Apposition is a linguistic construction often used by writers to introduce entity attributes and many automated systems have taken advantage of it to extract information about entities. Researchers Will Radford and Professor James Curran find that, despite the common perception that analysis of commas and the grammatical structure is sufficient for high accuracy, apposition extraction is a difficult challenge.

The sentence below mentions an entity, John Ake, his age and role ‐‐ all information that paint a clearer picture of him. These types of information are diverse and the role portion itself contains apposition, stating that “American Capital Management & Research Inc.” is based in “Houston”.

While identifying apposition is straightforward for a human reader, it can be surprisingly hard for machines. Correctly identifying attribute spans can be difficult ‐ which comma should mark the right‐hand boundary? As a person can be a “vice‐president”, a company cannot, but they can both be a “contender”. Judging where an attribute is compatible with the entity requires an understanding of world knowledge, a challenge for any automated system.

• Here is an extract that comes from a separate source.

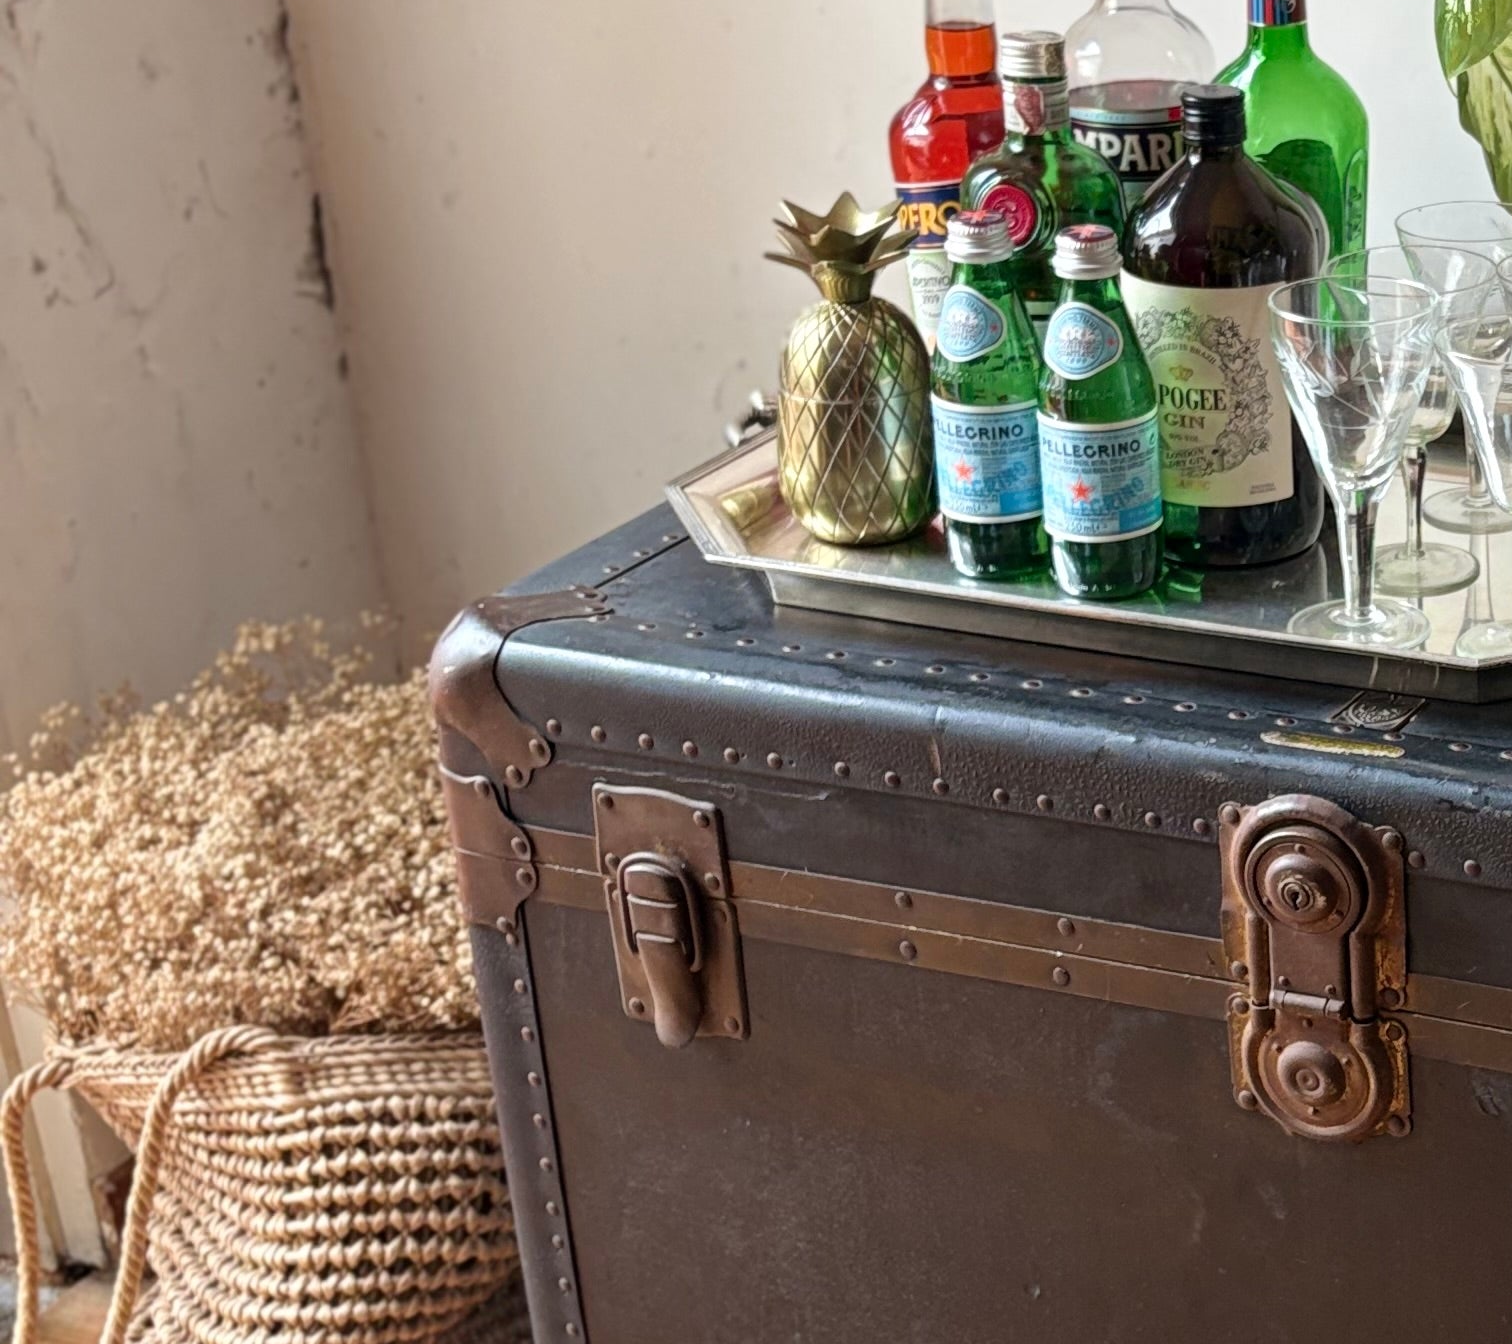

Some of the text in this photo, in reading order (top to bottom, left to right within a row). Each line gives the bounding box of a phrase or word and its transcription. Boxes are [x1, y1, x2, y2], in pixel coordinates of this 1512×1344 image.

[1158, 384, 1227, 411] POGEE
[1163, 412, 1206, 429] GIN
[1042, 437, 1141, 459] PELLEGRINO

Researchers Will Radford and Professor James Curran develop three techniques based on better grammatical, semantic and statistical modelling to automatically identify apposition in text. The general framework identifies candidate phrases, entities and their attributes, then classifies them as apposition using machine learning. Rules based on the linguistic theory of apposition filter the candidates by their grammatical structure. Semantic features encode the fact that “vice‐president” is a valid role for a person entity. Finally, the statistical model describes the pair of entity and information together where previous approaches consider them separately. These complementary approaches combine for a more faithful modelling of apposition and result in a system with state‐of‐the‐art performance.

 

John Ake, 48, a former vice‐president
in charge of legal compliance at American Capital
Management & Research Inc., in Houston, …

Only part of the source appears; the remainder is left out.